This information is used to determine whether a period can be repeated or omitted.
Hence, pitch bells which are obtained by windowing of dynamic intervals of the original
speech signal are not repeated for duration modification. Pitch bells which are obtained
from intervals which are classified as dynamic and of being essential for the intelligibility
are kept in the synthesized signal in order to maintain intelligibility. Pitch bells
which are obtained by windowing of intervals of the original speech signal which are
classified as dynamic but as not being essential for intelligibility may or may not
be deleted before performing the overlap and add operation without seriously affecting
the quality of the resulting synthesized speech signal.
[0011] A preferred application of the present invention is for text-to-speech systems which
store a large number of natural speech recordings which are modified in the process
of text-to-speech synthesis.
[0012] In accordance with a preferred embodiment of the invention a raised cosine window
is used for the windowing of the speech signal. Preferably a sine window is used for
steady intervals containing unvoiced speech. The pitch bells obtained for such steady
intervals containing unvoiced speech are randomized in order to remove any unintended
periodicity which can be introduced in the process of duration modification.

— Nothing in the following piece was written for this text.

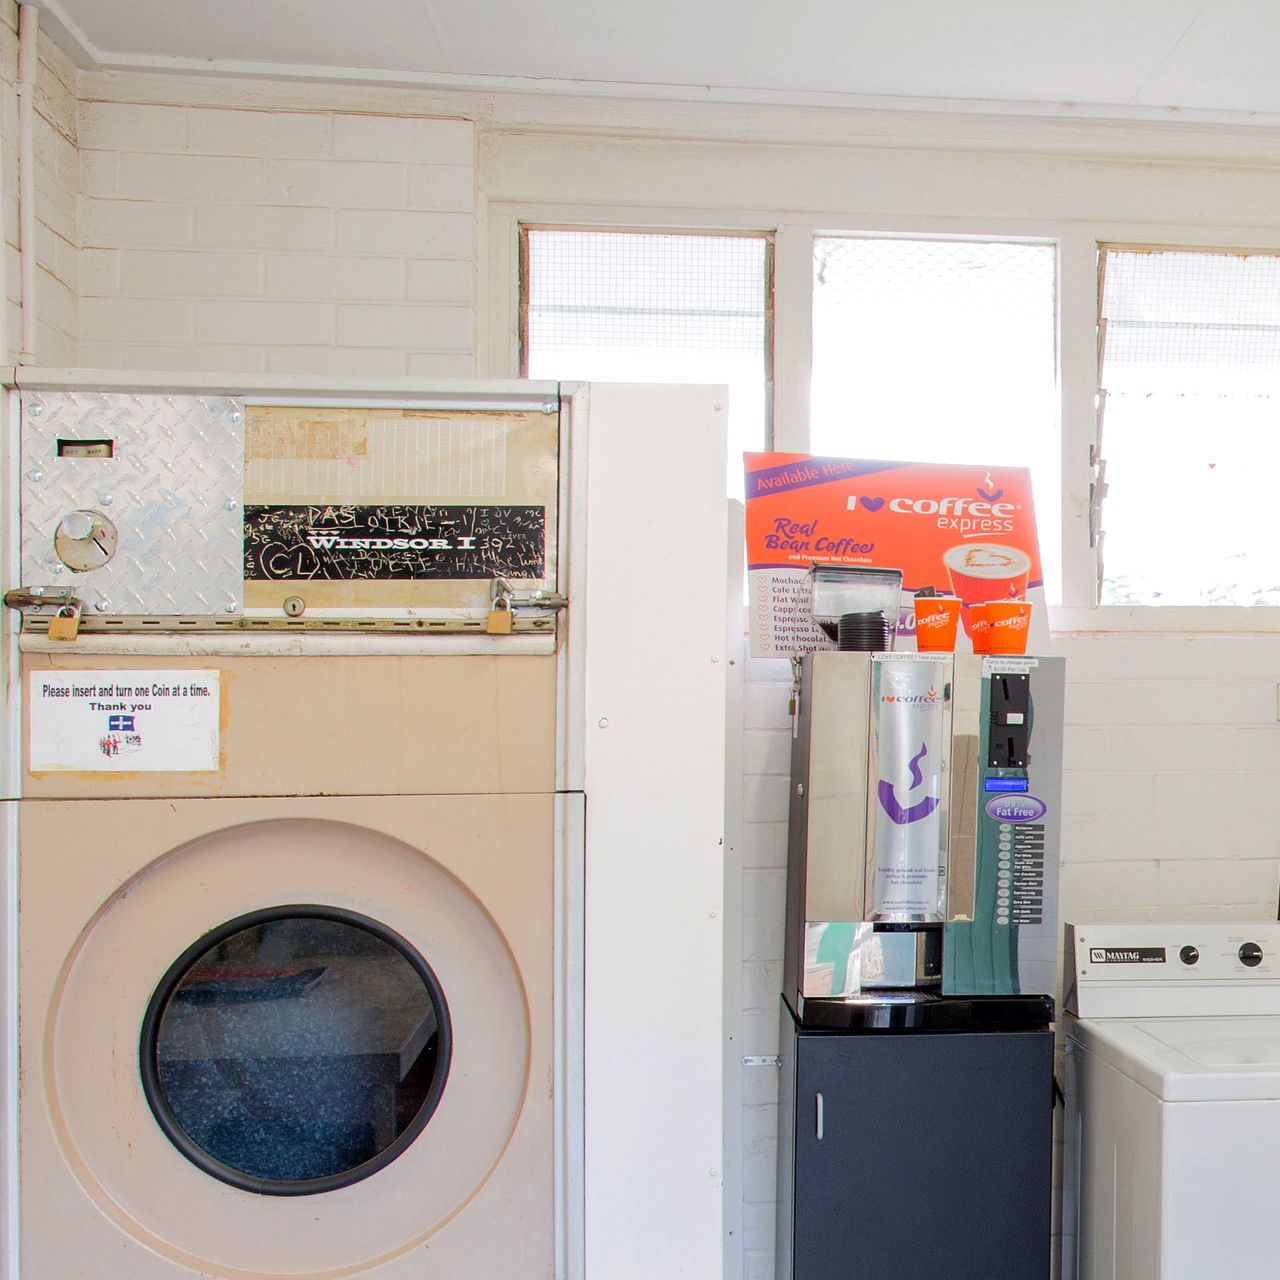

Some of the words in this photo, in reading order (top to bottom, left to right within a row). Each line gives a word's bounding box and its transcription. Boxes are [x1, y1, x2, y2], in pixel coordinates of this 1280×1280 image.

[0013] In the following preferred embodiments of the invention will be described in greater
detail by making reference to the drawings in which:
Fig. 1 is illustrative of a flow chart of a preferred embodiment of the present invention,
Fig. 2 is illustrative of the synthesis of a speech signal based on an original speech
signal in accordance with an embodiment of the present invention.

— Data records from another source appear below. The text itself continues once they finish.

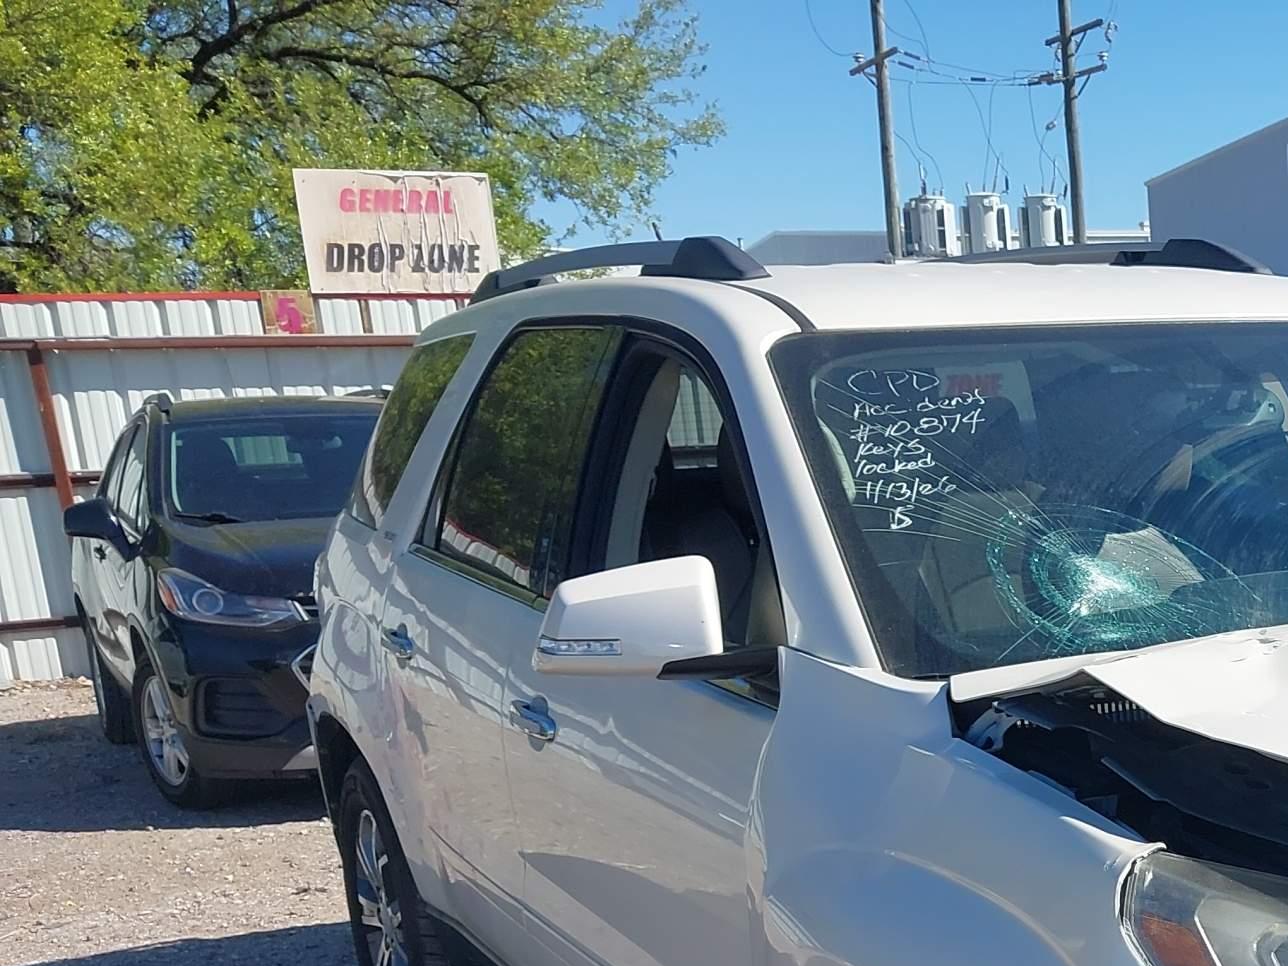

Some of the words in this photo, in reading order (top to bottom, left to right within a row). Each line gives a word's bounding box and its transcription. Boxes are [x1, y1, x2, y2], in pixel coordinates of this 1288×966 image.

[339, 188, 453, 215] GENERAL
[326, 242, 405, 273] DROP
[411, 242, 481, 274] ZONE
[275, 297, 305, 334] 5
[847, 369, 940, 397] CPD

Fig. 3 is a block diagram of an embodiment of a computer system of the invention.
[0014] Fig. 1 shows a flow diagram to illustrate a preferred embodiment of a method of the
invention. In step 100 a recording of natural speech is provided. In step 102 intervals
in the natural speech recording are identified and classified. For the classification
of the speech intervals the following classification system is used in the example
considered here:
- - silence
. - unvoiced period
v - voiced period
p - crucial dynamic unvoiced period (should only be used once)
b - crucial dynamic voiced period (should only be used once)
q - dynamic unvoiced period (may only be used once)
c - dynamic voiced period (may only be used once)
[0015] The two basic categories of speech intervals are 'steady' and 'dynamic' speech intervals.
A speech interval is classified as 'steady' when it has an essentially constant signal
characteristic for a consecutive number of at least two periods of the fundamental
frequency of the natural speech signal. In contrast the speech interval of the original
speech recording is classified as 'dynamic' when it's signal characteristic only occurs
within one period of the fundamental frequency.
[0016] In the classification system considered here the '.' and 'v' periods are steady periods.
The 'p', 'b', 'q' and 'c' periods are dynamic periods which are treated differently
in the subsequent processing.
[0017] In step 104 the natural speech signal is windowed to obtain pitch bells. Preferably
the windowing is performed by means of a raised cosine window or with a sine window
for the'.' periods.
[0018] In step 106 the pitch bells which are obtained for periods which are classified as
'steady' are processed in order to modify the duration of the speech signal. This
can be done by repeating or deleting of pitch bells to increase or decrease the original
duration, respectively. Pitch bells which are obtained from periods which are classified
as 'dynamic' are not repeated in order to avoid the introduction of artifacts. Pitch
bells which have been obtained from periods which are classified as 'p' or 'b' can
not be deleted in order to maintain the intelligibility of the original signal. Pitch
bells which are obtained for periods which are classified as 'q' or 'c' are also not
repeated, but can be deleted without seriously effecting the intelligibility of the
resulting synthesized signal.
[0019] Preferably pitch bells for periods which are classified as '.' are obtained in a
randomized way in order to avoid the introduction of periodicity. This is further
helped by the usage of a sine window for the windowing of those periods.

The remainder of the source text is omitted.